Here's the first part:
Lord Briggs: "I think it is common ground, is it not, that the concept of family relates to a single invention, to use that in a completely non-technical sense."
Mr. Howard: "Being completely non-technical it relates to the same invention, but the fact that it relates to the same invention does not lead to the conclusion that the patent of that invention in the United Kingdom and the United States and Germany and China is valid."
And shortly thereafter, the second part:
Lord Hodge: "[...] National courts do look at other experienced national patent courts as a check when they are dealing with a patent validity, patent infringement case. There is no doubt about that. But, yes, you can have a patent which is upheld in the UK but turned down in Germany.
Mr. Howard: "That is right, but you have to remember the position becomes more acute in our particular case because what you are doing in China is things might have been translated into Mandarin and as a result of that you may not have quite got it right; there are all sorts of issues that can arise. There are also different approaches. There are whole lot of issues and we can summarize them without going into detail."
What should have been made in this context is a distinction between the national parts of European patents (= EPO patents) and others. Something may get lost in translation to Mandarin, but also in translation to Finnish. The real issue is not translations. It's that unless you have multiple national parts of an EPO-granted patents, different patent offices may require the inclusion of different claim limitations before they grant a patent. So there can be significant differences in depth. Only the EPO provides a centralized examination that results in multiple national patents with identical (apart from translation) claims. Those national parts are still subject to jurisdictional differences, but at least the critical part--the claims--won't differ.

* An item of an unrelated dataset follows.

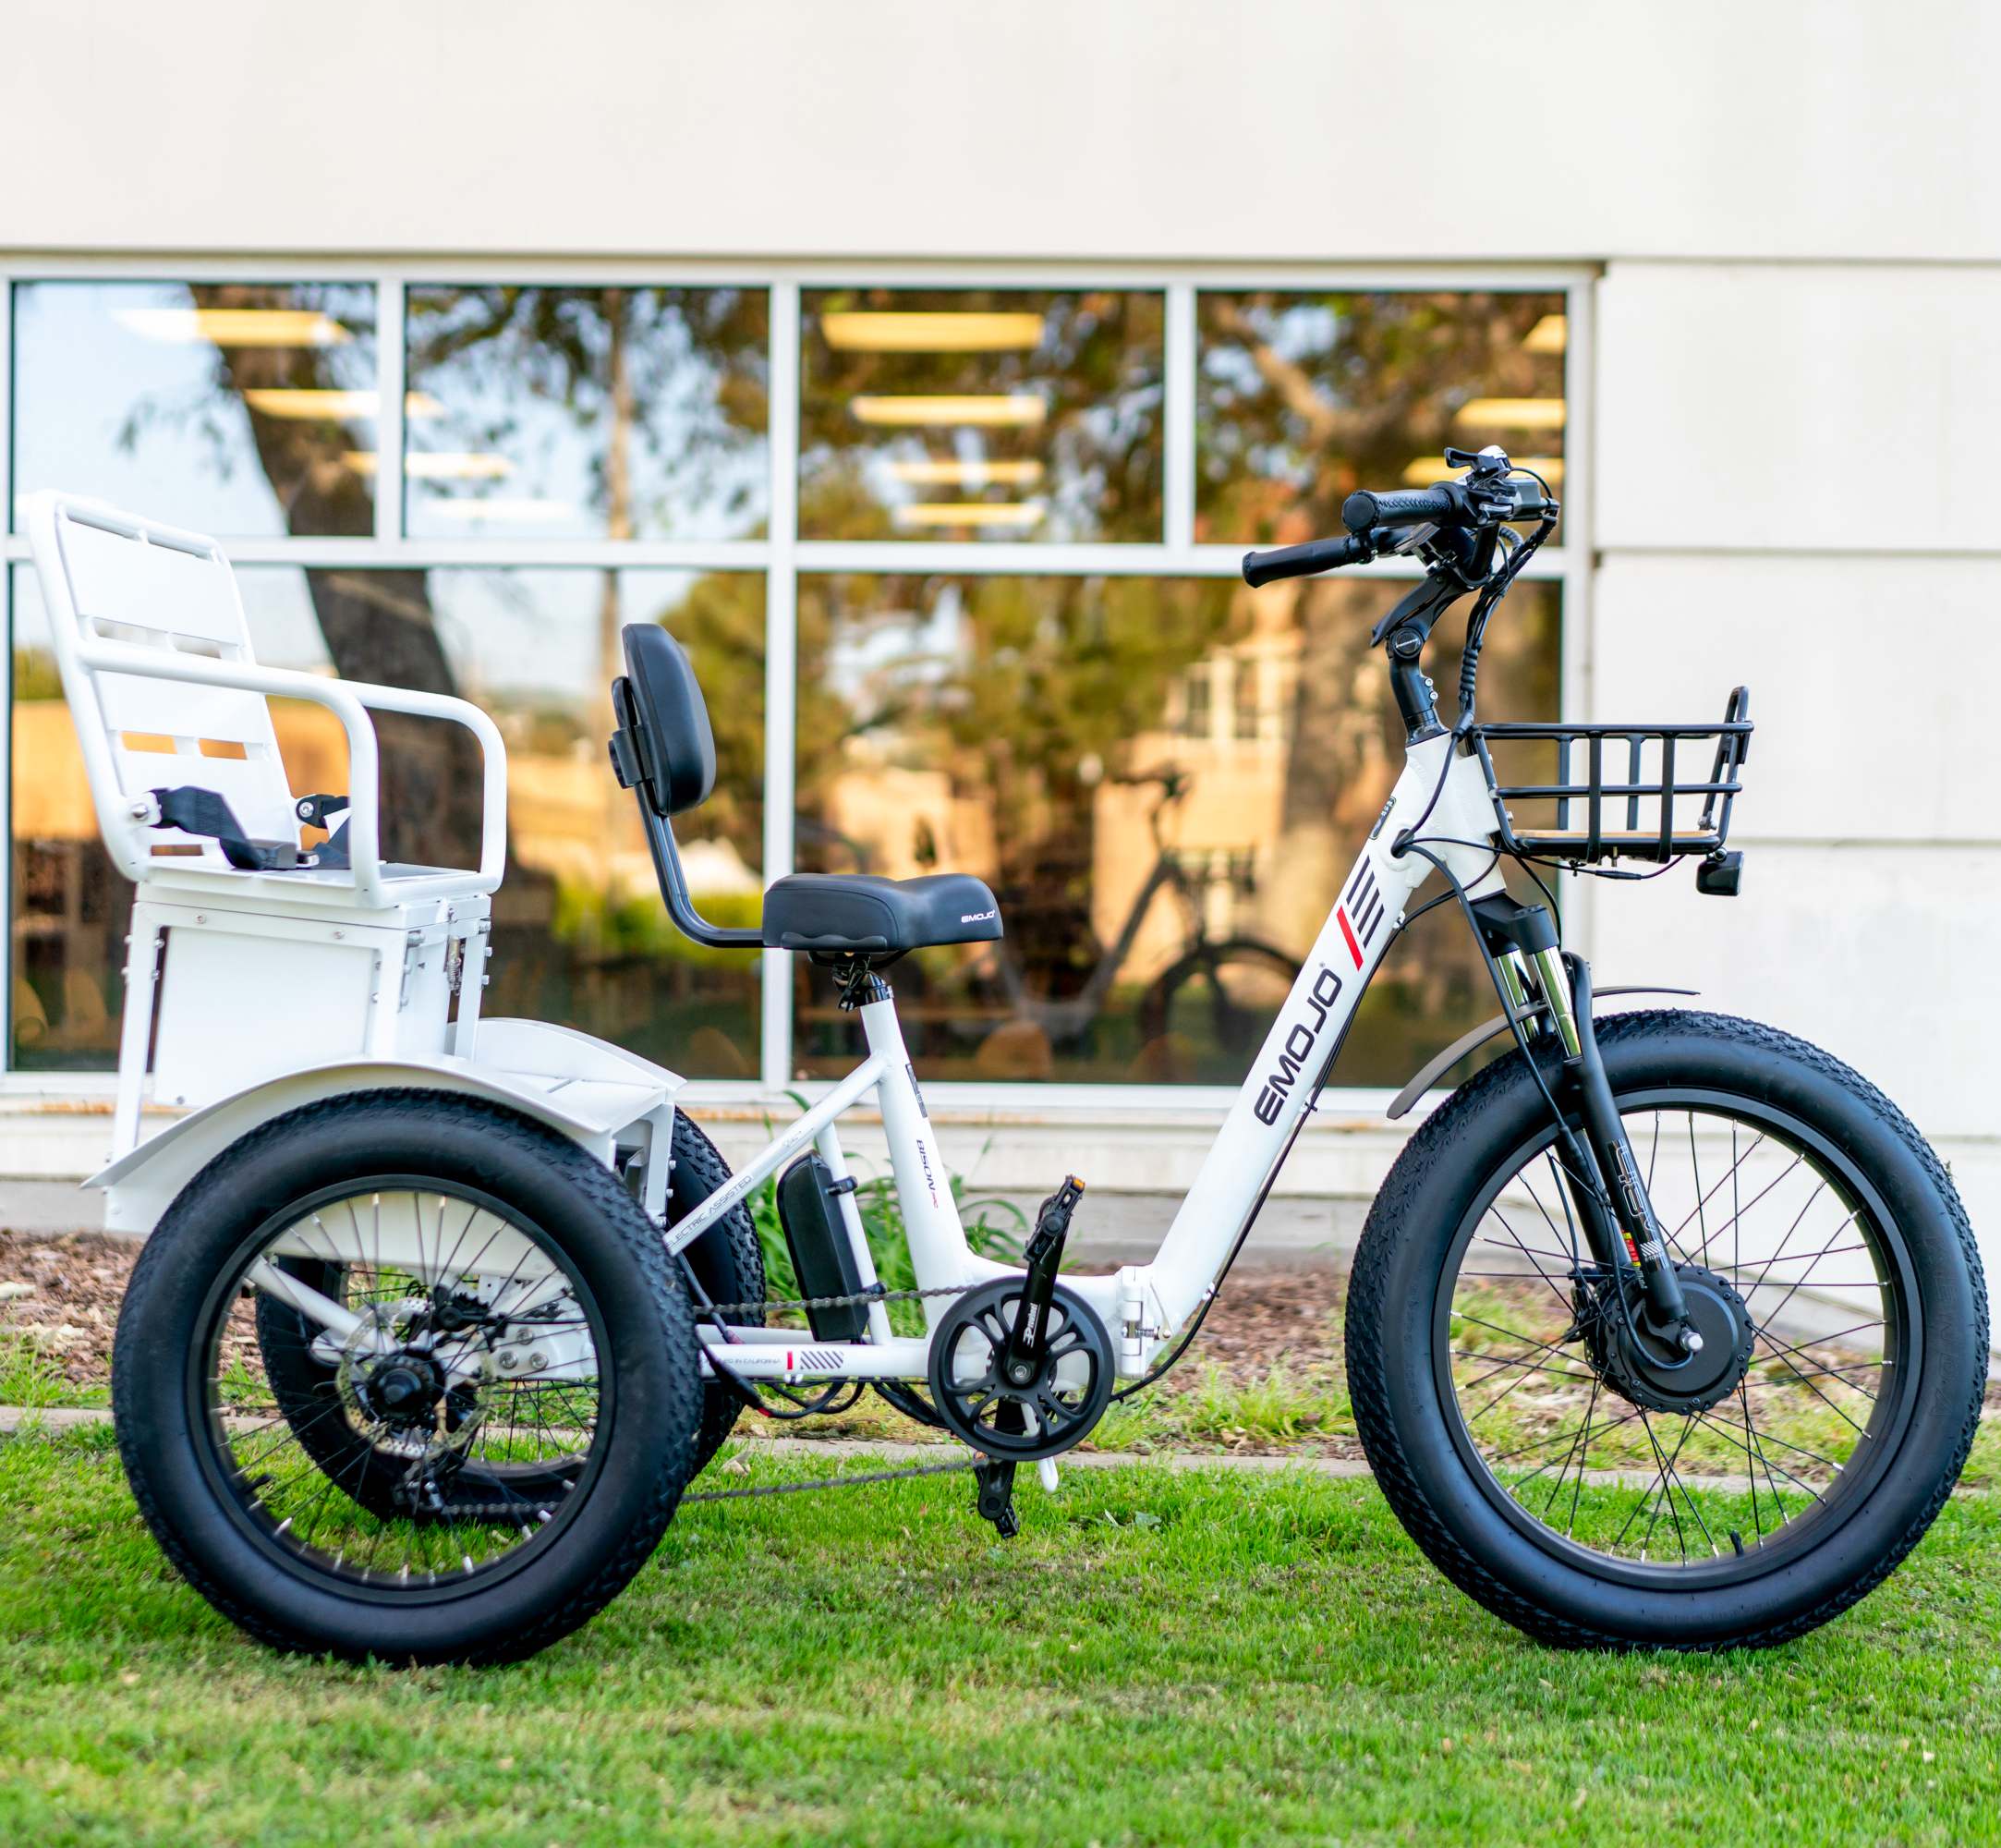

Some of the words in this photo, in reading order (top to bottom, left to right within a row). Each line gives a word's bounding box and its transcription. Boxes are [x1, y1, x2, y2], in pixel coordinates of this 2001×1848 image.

[961, 911, 994, 923] EMOJO
[1254, 968, 1343, 1126] EMOJO
[916, 1138, 936, 1190] BISON
[709, 1175, 754, 1216] ASSISTED

When different patents from the same family are examined by different patent offices, it could be that China granted a particular patent only in a narrower form, in which case it may not be truly essential, or in a broader form, in which case it may not be valid as granted.

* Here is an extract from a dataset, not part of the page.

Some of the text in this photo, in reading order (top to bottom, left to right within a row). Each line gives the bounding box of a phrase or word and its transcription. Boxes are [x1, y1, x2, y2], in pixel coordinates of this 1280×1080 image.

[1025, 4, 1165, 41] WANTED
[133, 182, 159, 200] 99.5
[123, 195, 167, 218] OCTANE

Furthermore, there are derivative patents, such as divisionals and continuations. In that case, differences in scope can be even greater.
One cannot license or assert an "invention." One can license or assert patent claims. The name of the game is the claim--it's what defines the scope of the right. The discussion quoted above was meant to be "completely non-technical," but when the term "invention" comes up, technical aspects can't be avoided 100%.
After four days, the UK Supreme Court appeared very well aware of what's at stake, even in diplomatic terms--at a time when the UK may soon have to conclude a vast number of international trade agreements. It has also been made clear that this is a case of rent-seeking by patent holders trying to use the UK courts as a tool. But there is a limited risk of the justices still believing that a validity and essentiality determination on a UK patent provides a reasonably reliable basis for setting the terms of a contract involving members of the same patent family in other countries. The distinction between a patent family in the sense of multiple national parts of one EPO-granted patent and patents that were granted by different patent offices is an important one as the key non-UK jurisdiction in Unwired v. Huawei/Conversant v. ZTE is China.
The part about courts looking at decisions in other countries on related patents is for the most part just a European thing--because the national parts of an EPO patent have identical claims.